▸ **ABOUT THIS TASK**
Give back every line of the material exactly. Skip the pictures.

▸ **DATA**
Segment Open

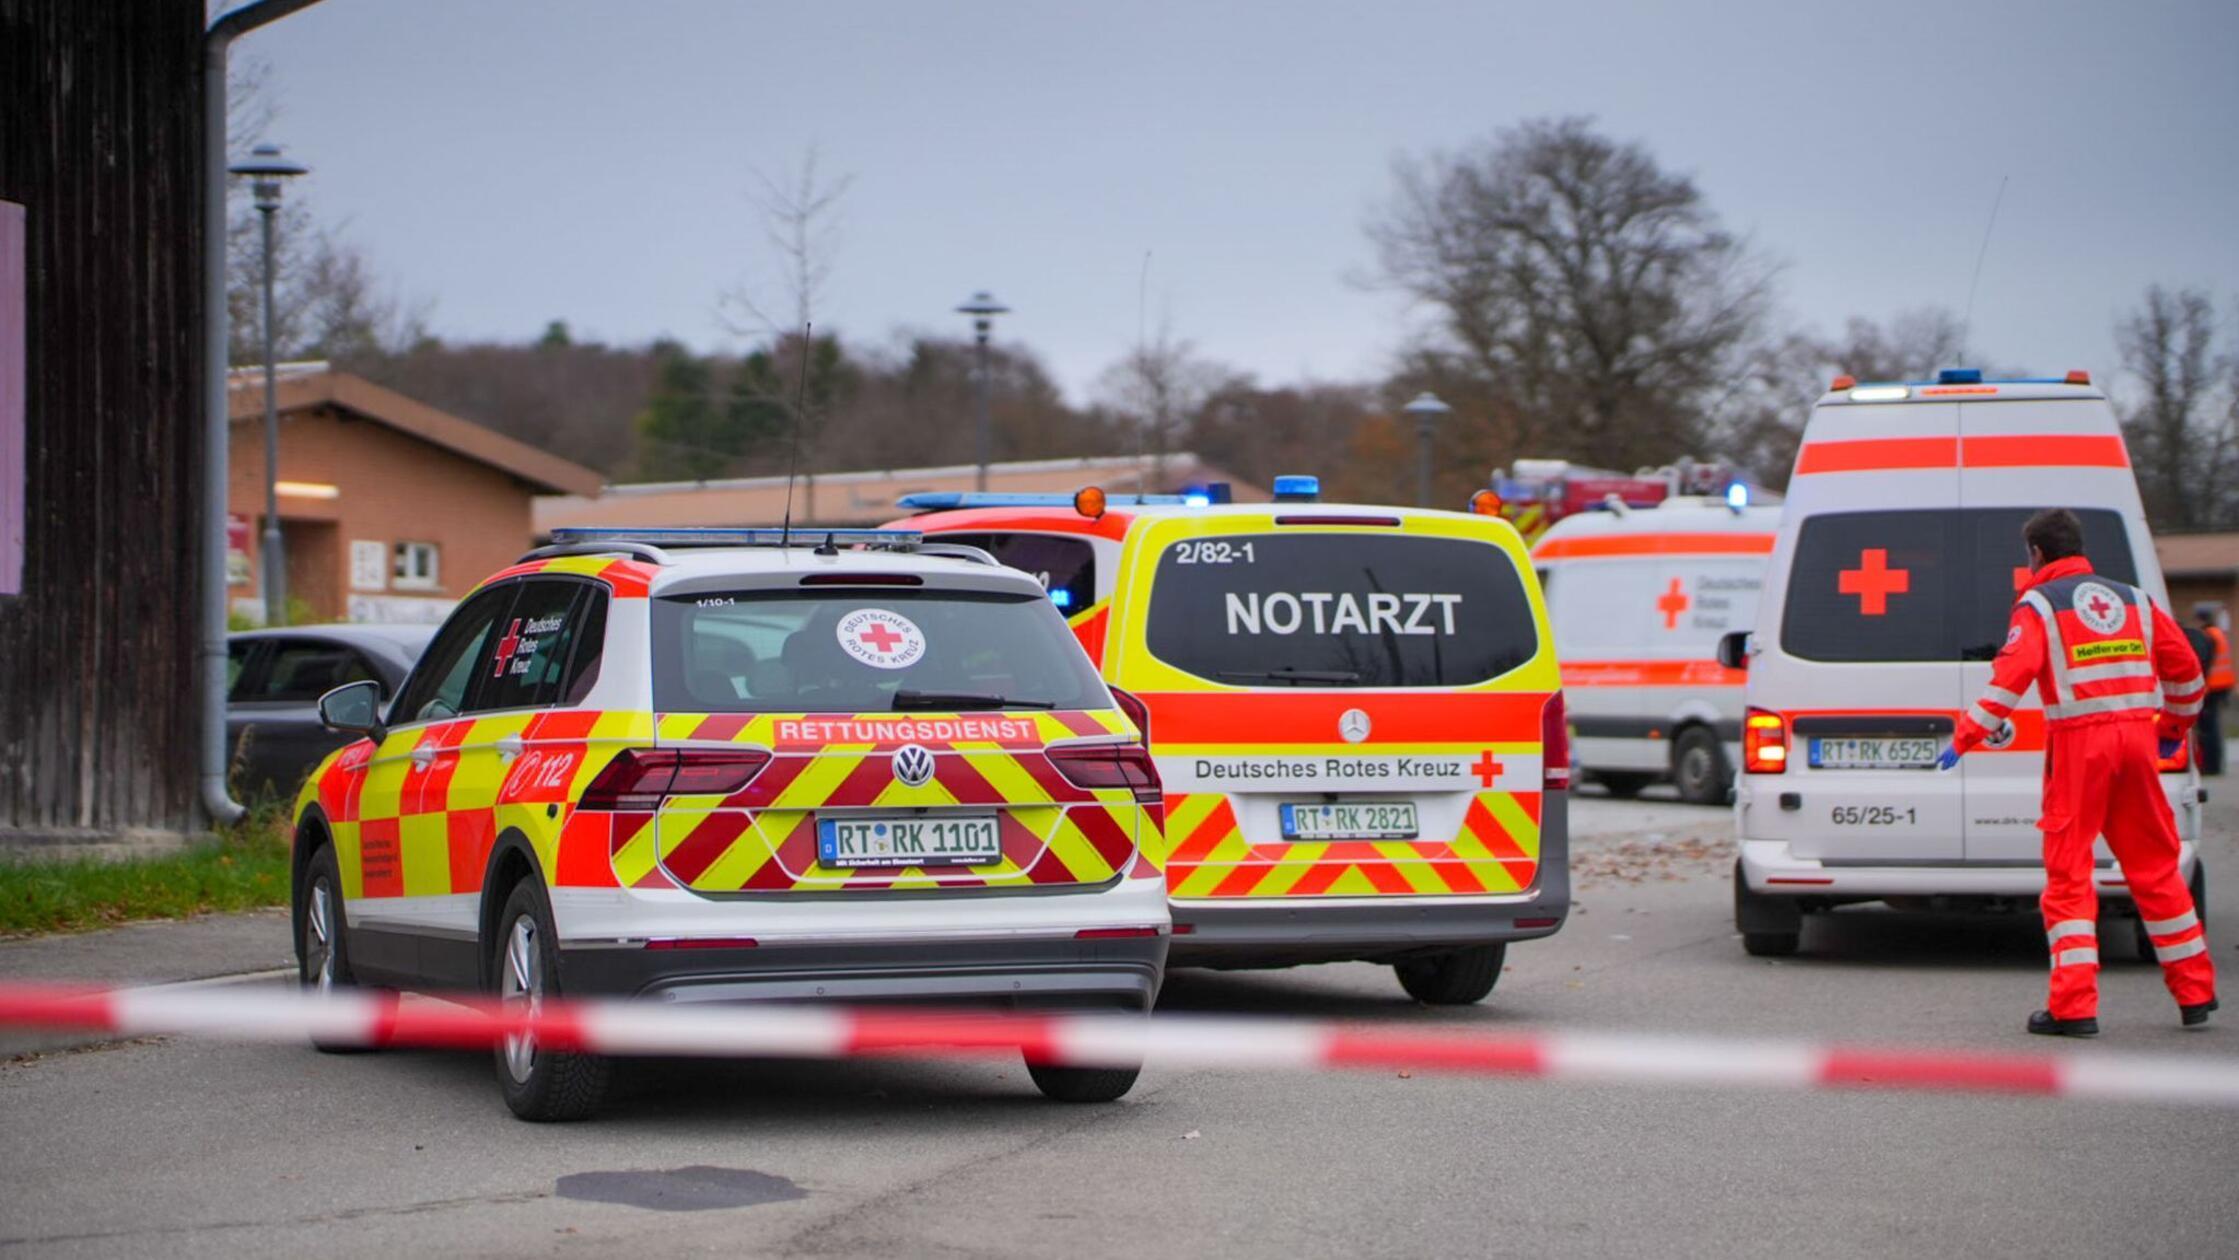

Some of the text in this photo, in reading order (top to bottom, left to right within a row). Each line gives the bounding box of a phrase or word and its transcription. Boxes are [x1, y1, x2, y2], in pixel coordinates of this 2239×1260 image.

[1176, 543, 1255, 563] 2/82-1
[696, 597, 735, 608] 1/10-1
[844, 613, 912, 634] DEUTSCHES
[1225, 592, 1463, 635] NOTARZT
[524, 618, 562, 634] Deutsches
[517, 637, 539, 654] Rotes
[847, 639, 919, 664] ROTES KREUZ
[2077, 645, 2112, 657] Helfer
[510, 659, 532, 674] Kreuz
[780, 720, 1031, 740] RETTUNGSDIENST
[1823, 741, 1934, 761] RT RK 6525
[533, 752, 574, 788] 112
[1195, 758, 1461, 779] Deutsches Rotes Kreuz
[1295, 807, 1414, 830] RT RK 2821
[1832, 806, 1917, 825] 65/25-1
[838, 822, 996, 854] RT RK 1101

Segment Closed

▸ **RESPONSE TO THE TASK**
Some of the text in this photo, in reading order (top to bottom, left to right within a row). Each line gives the bounding box of a phrase or word and its transcription. Boxes are [x1, y1, x2, y2], in pixel coordinates of this 2239×1260 image.

[1176, 543, 1255, 563] 2/82-1
[696, 597, 735, 608] 1/10-1
[844, 613, 912, 634] DEUTSCHES
[1225, 592, 1463, 635] NOTARZT
[524, 618, 562, 634] Deutsches
[517, 637, 539, 654] Rotes
[847, 639, 919, 664] ROTES KREUZ
[2077, 645, 2112, 657] Helfer
[510, 659, 532, 674] Kreuz
[780, 720, 1031, 740] RETTUNGSDIENST
[1823, 741, 1934, 761] RT RK 6525
[533, 752, 574, 788] 112
[1195, 758, 1461, 779] Deutsches Rotes Kreuz
[1295, 807, 1414, 830] RT RK 2821
[1832, 806, 1917, 825] 65/25-1
[838, 822, 996, 854] RT RK 1101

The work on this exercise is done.